A disciplina de Comunicação e Sociologia ministrada no segundo semestre de 2022


ocorreu em um período bastante interessante da história do Brasil: as eleições
presidenciais. Por causa disso, os textos da unidade possuem um direcionamento mais
político, que funciona como um fio condutor conectando-os de maneira geral. A
primeira unidade condensa sete textos, abrindo com “Os desafios impostos pelas mídias
sociais à democracia”, da autora Beatriz Walid, que passeia pelos principais temas
abordados nos textos posteriores como: democracia na era digital, o fenômeno das fake
News e a era da pós-verdade, e a utilização de redes sociais no dia-a-dia como
ferramenta para modificar interações sociais.

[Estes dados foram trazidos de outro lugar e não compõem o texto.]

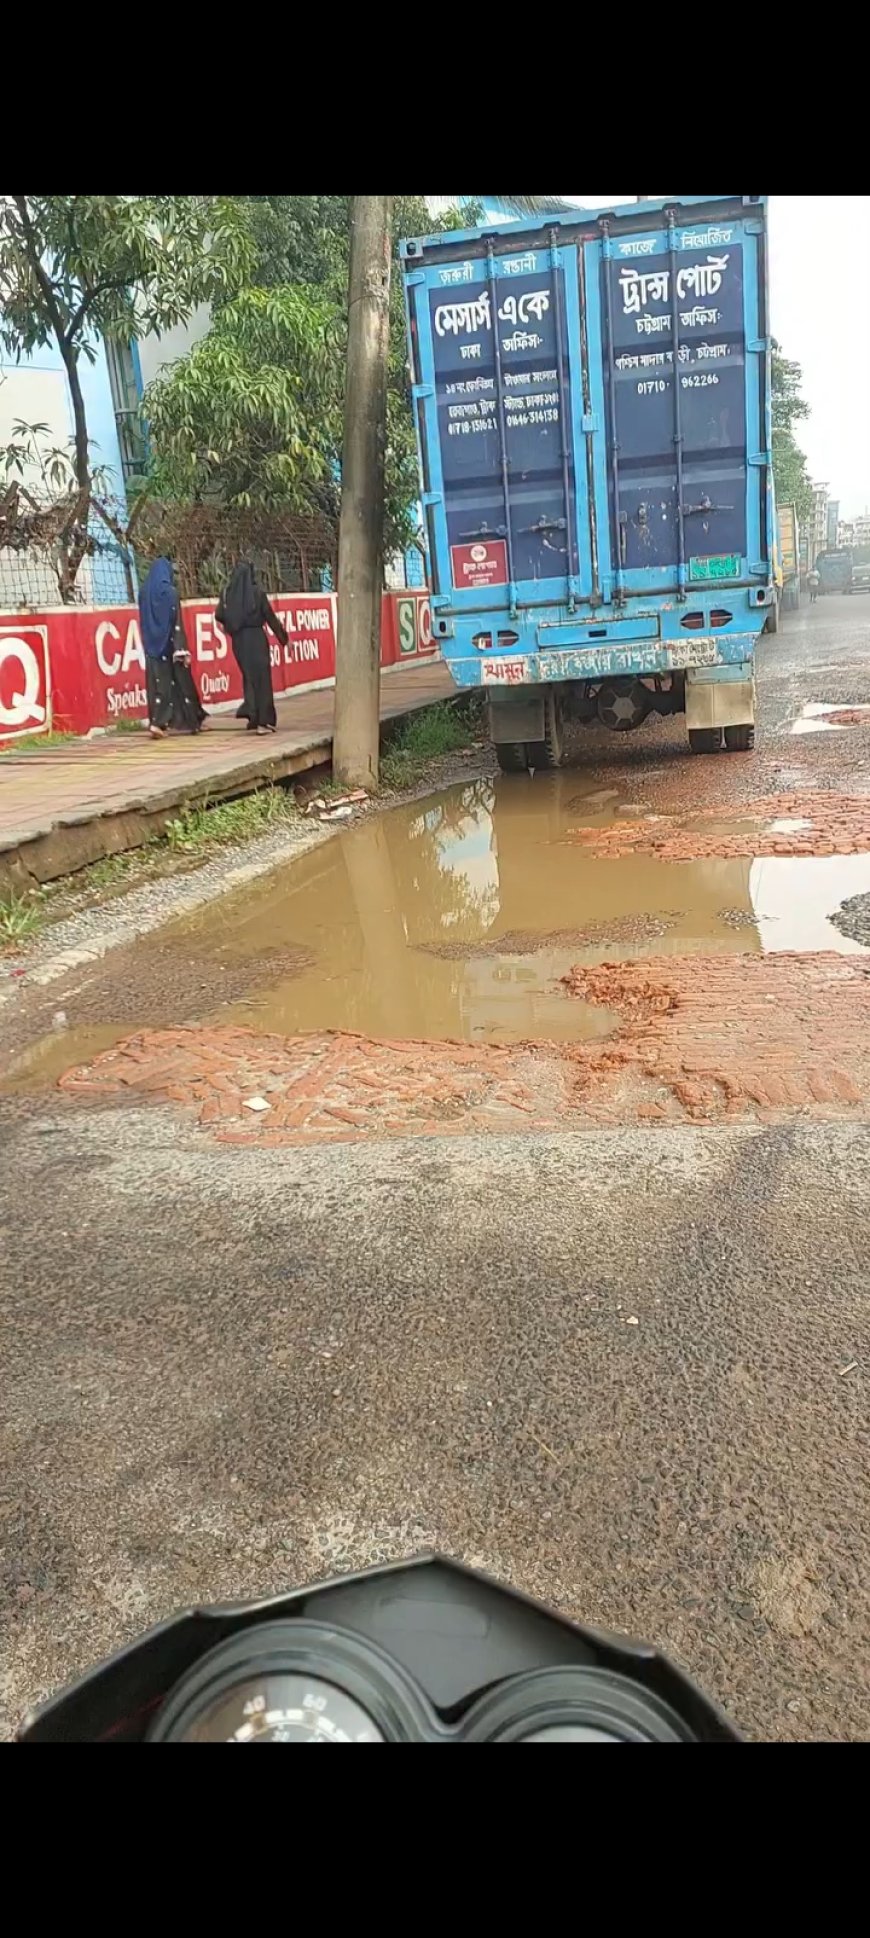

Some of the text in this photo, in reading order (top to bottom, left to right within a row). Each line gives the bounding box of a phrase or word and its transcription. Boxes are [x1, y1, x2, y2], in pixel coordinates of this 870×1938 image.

A bússola para se guiar em meio as leituras se dá através do texto O Poder da Ideologia
de István Mészáros, que desmistifica uma crença popular de que o jornalismo tem que
ser imparcial. Para Mészáros, tudo possui uma ideologia, seja ela a dominante ou a
oculta. O autor aprofunda ainda mais o conceito através de exemplos dentro da vida
acadêmica e política. O que impressiona é que ideologia é o conceito mais diluído nos
textos posteriores, já que ele é um importantíssimo para se entender como filtros
invisíveis são criados, ou como surgem as guerras culturais e os movimentos sociais,
sem falar que a ideologia é importantíssima para compreender o panorama político
brasileiro que foi palco de uma ascensão da extrema direita muito graças a mídia e o
conservadorismo do país atrelados com o fenômeno das Fake News. De um olhar
externo pode até parecer que os textos não possuem ligações entre si, mas quanto mais
se estuda, nota-se a teia que os conecta, permitindo assim compreender o cenário
sociológico da nossa sociedade contemporânea.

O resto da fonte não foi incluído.